D. Generating SuperLink Geometry Unions
The biggest problem that we faced at this point was that none of the SuperLinks had a
geometric aspect to them, meaning they could not be mapped. At this point, the SuperLinks were
just a collection of links and not geometric entities themselves. Each link in the OSM network
has an attribute labeled as “coordinates,” which is just a Line String4
that represents the
geometrical aspect of the link. In the CTA network, this aspect is stored in the “geometryItem”
attribute column. To give the SuperLink its own geometrical aspect, we decided to use the SQL
server’s built in “STUnion” function that combines Line Strings of multiple geometric objects.
However, this function only works for two objects, or in our case, links, at a time.
To account for this, we wrote another Java program to handle each SuperLink and combine
the links in the correct succession. The program selects each SuperLink and stores the individual
link’s information: wayID, partID, aNode, and bNode. Then, the program finds the first link
within the SuperLink and the proceeding link. Next, the program executes the STUnion function
within the OSM database for the two links, and their “coordinates” are combined. We repeated
this for each link within every SuperLink until no more links remained for a given interstate.

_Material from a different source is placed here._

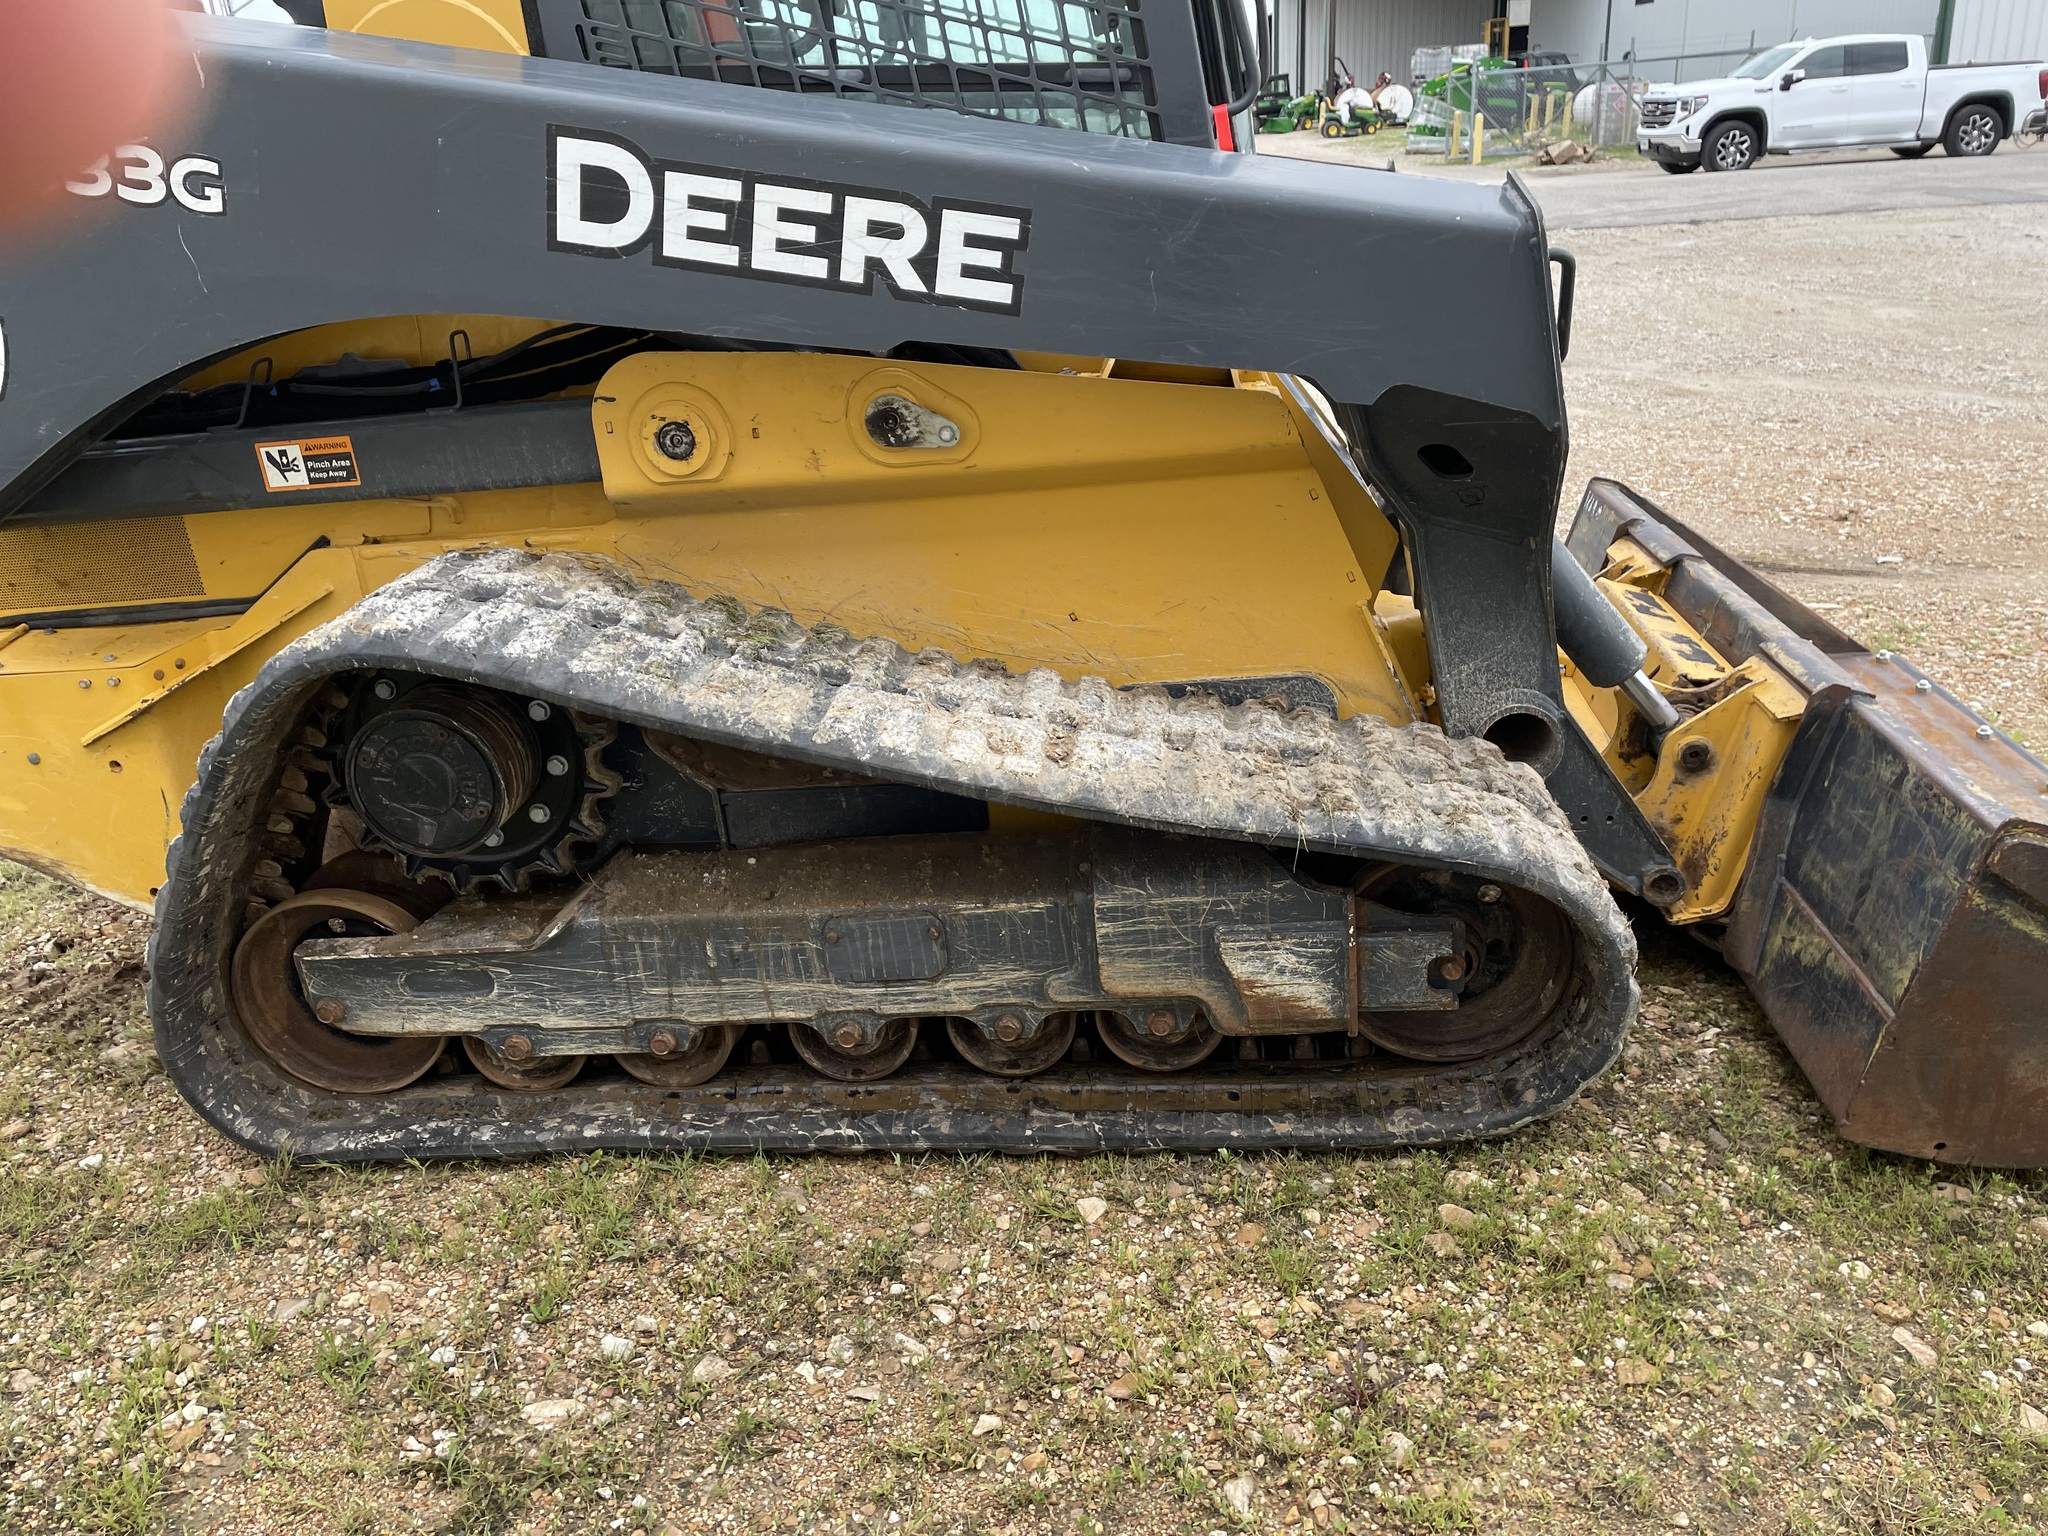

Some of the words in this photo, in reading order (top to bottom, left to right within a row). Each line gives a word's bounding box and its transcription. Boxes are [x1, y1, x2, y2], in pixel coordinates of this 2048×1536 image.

[556, 136, 1022, 304] DEERE
[311, 442, 348, 451] WARNING
[307, 461, 331, 469] Pinch

This allowed us to have a geometrical representation of the SuperLinks as individual entities to
map on Google Earth. With this, we are now able to more easily compare the SuperLinks to
existing CTA links.
E. Setting HM-164 Designations
Now that the SuperLinks are in the right format to find the corresponding CTA links, our
goal was to find the right places to begin comparing the links. Since our project is handling
hazardous material (HM-164) designated routes, we decided that it would be best to find areas in
the CTA network where HM-164 routes intersected with non-HM-164 routes. Then, we planned
to take the non-HM-164 CTA route and find the corresponding OSM SuperLink. Once we had
the corresponding SuperLink, we set its HM-164 attribute to “false” in the database. When we
designated all of the corresponding OSM routes as non-HM-164, we then set the remaining OSM
SuperLinks as HM-164.
To handle each of these OSM routes, we used a Java program to loop through the
intersection points. To produce the intersection points in the CTA network, we ran a query in the
database to find where HM-164 meets a non-HM-164 link. After finding these points, the
program stored the latitude and longitude of each point. Next, we created a stored procedure to
find the closest OSM SuperLinks to the CTA node/point within a specific radius. Out of the
returned SuperLinks, the program found the distance from aNodes and bNodes for each
SuperLink to the CTA node. If neither the aNode nor the bNode of the SuperLink fell within the
specified radius, that link needed to be split to be properly assigned HM-164 designation. Taking
this SuperLink, the program split it into two, starting the new SuperLink at the closest individual
link to the CTA intersection point.
4
A Line String is a sequence of points representing a linear object.
5. 5
Once each appropriate SuperLink was split, we could then assign HM-164 designations. To
do this, we first had to run a Java program to take the non-HM-164 CTA link in the intersection
and find its geospatial bearing. Finding the bearing would allow us to find the corresponding
OSM SuperLinks and actually assign the links attributes. Once we had the CTA link bearing, we
found the bearing of the closest OSM SuperLinks, based on their direction. Given that the
SuperLinks and CTA links don’t match up exactly, we allowed a tolerance level of 15 degrees
for the difference in bearings. When we found the appropriate SuperLinks, we gave them all
non-HM-164 designations (“false” in the database), matching up with the CTA links. Then,
every remaining SuperLink would get an HM-164 designation (“true” in the database).
IV. CONCLUSION
While we took many steps in order to merge the two networks, the process led to an
accurate, updated version of the CTA network. We manipulated the OSM data to be able to
compare it to corresponding CTA data, starting with OSM nomenclature. Then, we created larger
datasets of links and nodes called “SuperLinks,” with which we created geometrical attributes.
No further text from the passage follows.